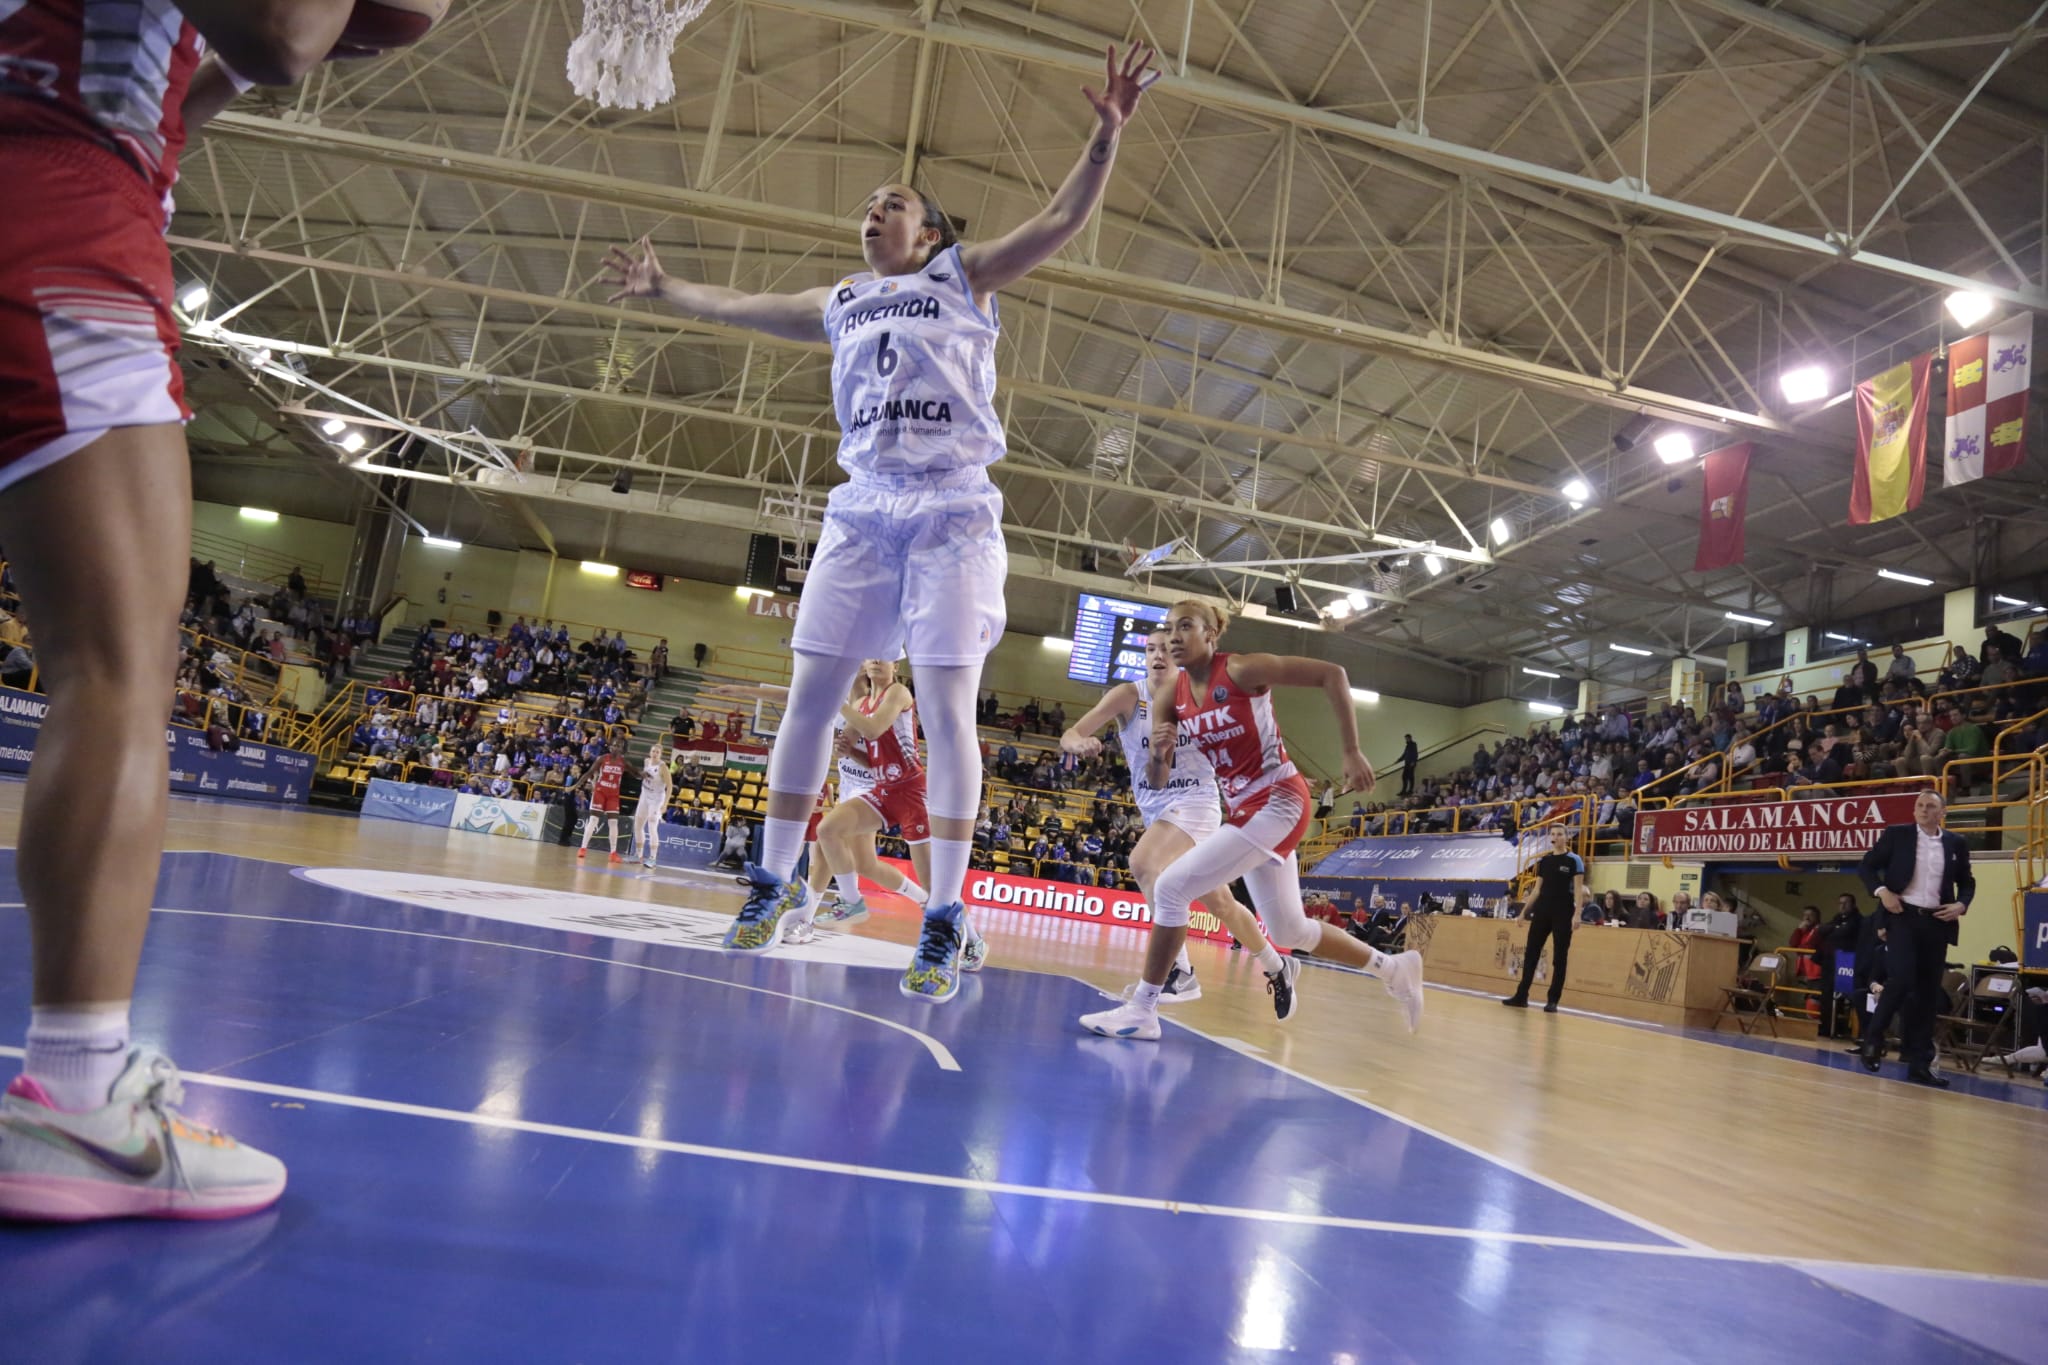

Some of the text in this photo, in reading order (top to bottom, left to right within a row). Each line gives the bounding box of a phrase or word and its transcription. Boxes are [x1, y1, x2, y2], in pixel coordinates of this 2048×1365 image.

[876, 331, 898, 378] 6
[1122, 617, 1135, 632] 5
[1119, 667, 1127, 679] 1
[1139, 778, 1200, 791] SAANCA
[371, 791, 450, 812] MAYBELLINE
[1684, 799, 1886, 833] SALAMANCA
[1657, 833, 1745, 853] PATRIMONIO
[1750, 831, 1772, 851] DE
[1776, 830, 1796, 850] LA
[971, 876, 1104, 916] dominio
· · ·
**Exercise brief**
Line by line, write out the material above exactly, with no images.

**Your response**
Some of the text in this photo, in reading order (top to bottom, left to right within a row). Each line gives the bounding box of a phrase or word and its transcription. Boxes are [x1, y1, x2, y2], in pixel coordinates of this 2048×1365 image.

[876, 331, 898, 378] 6
[1122, 617, 1135, 632] 5
[1119, 667, 1127, 679] 1
[1139, 778, 1200, 791] SAANCA
[371, 791, 450, 812] MAYBELLINE
[1684, 799, 1886, 833] SALAMANCA
[1657, 833, 1745, 853] PATRIMONIO
[1750, 831, 1772, 851] DE
[1776, 830, 1796, 850] LA
[971, 876, 1104, 916] dominio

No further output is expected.